Effects of Acetylcholine and Neuropeptide Y.
In L-NA–treated strips, the neurogenic contraction was inhibited by physostigmine (10−7 M) and potentiated by atropine (10−7 M; Fig. 7 ). These antagonists did not alter the contraction induced by norepinephrine (n = 3) and ATP (n = 3). Treatment with BIBP3226, a neuropeptide Y Y1-receptor antagonist, 21 at 10−8 M did not alter the contractile response to nerve stimulation under L-NA treatment; mean values before and after the antagonist were 252 ± 74 and 237 ± 91 mg (85.8% ± 7.0% of control, P > 0.05, n = 5). BIBP3226 in the same concentration abolished the contraction induced by exogenous neuropeptide Y at 10−9 M (n = 4) and markedly suppressed the contraction at 3 × 10−9 M (79.8% ± 9.2% of control[ 162 ± 58 mg], P < 0.001, n = 6, paired t-test). 
Histochemical Study
Figure 8 shows networks of nerve fibers and bundles containing NADPH diaphorase in the whole-mount preparation of a ciliary artery. Similar findings were also observed in an additional two preparations from separate dogs. 
Discussion
Canine-isolated posterior ciliary and external ophthalmic arteries contracted in response to electrical nerve stimulation, and the response was potentiated by L-NA, a NO synthase inhibitor, but not influenced by the D-enantiomer. L-NA did not increase the contractile response to exogenous norepinephrine and ATP (present study) or the release of 3H-overflow by adrenergic nerve stimulation from superfused canine temporal arteries previously exposed to 3H-norepinephrine. 22 Relaxations induced by transmural electrical stimulation of canine retinal and ophthalmic arteries are reportedly mediated by NO released from perivascular nerves, 13 14 and the reciprocal innervation of adrenergic vasoconstrictor and nitroxidergic vasodilator nerves is postulated. 23 Dense networks of neurons containing NADPH diaphorase, reported to be identical to NO synthase in neural tissues, 24 were histochemically determined in dog ciliary arteries.

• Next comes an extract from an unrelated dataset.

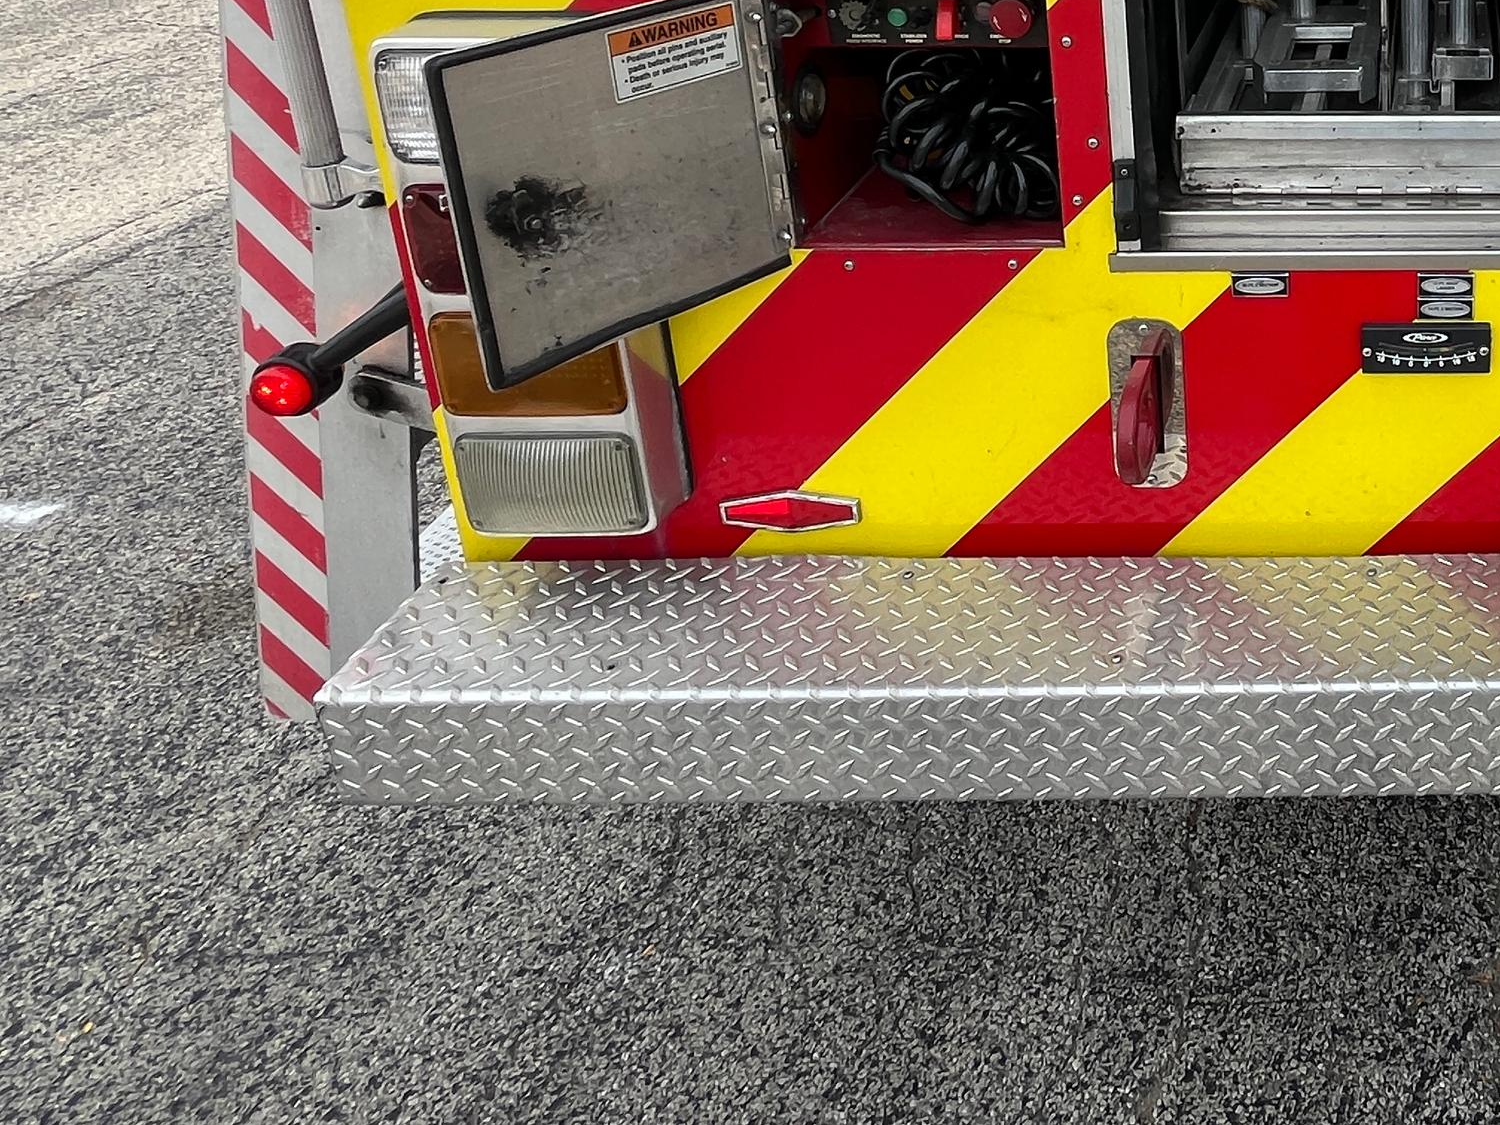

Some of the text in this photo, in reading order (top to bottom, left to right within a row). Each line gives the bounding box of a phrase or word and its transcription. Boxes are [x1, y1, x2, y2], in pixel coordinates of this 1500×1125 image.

These findings led us to conclude that the potentiation by L-NA of the stimulation-induced contraction is due to an elimination of counteracting action of NO rather than a potentiation by L-NA of the response to norepinephrine and ATP or an increase in the release of the amine from the nerve. Potentiation by L-NA of the neurogenic contraction was significantly greater in the ophthalmic artery than in the ciliary artery (128% versus 39.1%), suggesting that the NO-mediated vasodilatation more effectively blunts the contraction to electrical nerve stimulation in the ophthalmic arteries. 
In the L-NA–treated ciliary arterial strips, stimulation-induced contractions were reduced by prazosin in a dose-dependent manner, and the maximal inhibition was attained at 10−6 M. The prazosin-resistant contraction in the ciliary and ophthalmic arteries was abolished by α,β-methylene ATP, a P2X-purinoceptor antagonist. Contractions by exogenously applied norepinephrine were markedly inhibited by prazosin at 10−7 M, and those by exogenous ATP (10−6 M) was reversed to relaxations by the P2X-purinoceptor antagonist. Therefore, the neurogenic contraction seems to be associated with stimulation ofα 1-adrenoceptors by norepinephrine and also of P2X purinoceptors by ATP, both of which are liberated from stimulated vasoconstrictor nerves. P2X-purinoceptor activation increases cytosolic Ca2+, possibly as a consequence of permeation of the ATP-regulated channel by Ca2+. 25 Under the experimental conditions used, the ratios of noradrenergic and purinergic factors involved in the response are identical (3/2) in the ciliary and ophthalmic arteries. Histochemical study has demonstrated the presence of neuropeptide Y in the adrenergic nerve terminal, 26 and this peptide actually contracted the arteries used in the present study. However, BIBP3226, a neuropeptide Y Y1-receptor antagonist, in a concentration sufficient to significantly reduce the neuropeptide Y–induced contraction (present study and in guinea-pig vena cava 27 ) was ineffective in the neurogenic contraction at 5 Hz. Stimulation of peptidergic nerves may be obtained by the use of a higher frequency of electrical pulses, 4 but this is not the case in canine ciliary and external ophthalmic arteries, because contractions by electrical stimulation at 20 Hz were also unaltered by BIBP3223 at the same concentration (authors’ unpublished observation). These results indicate that the release of neuropeptide Y in effective concentrations may be excluded under the experimental conditions used. 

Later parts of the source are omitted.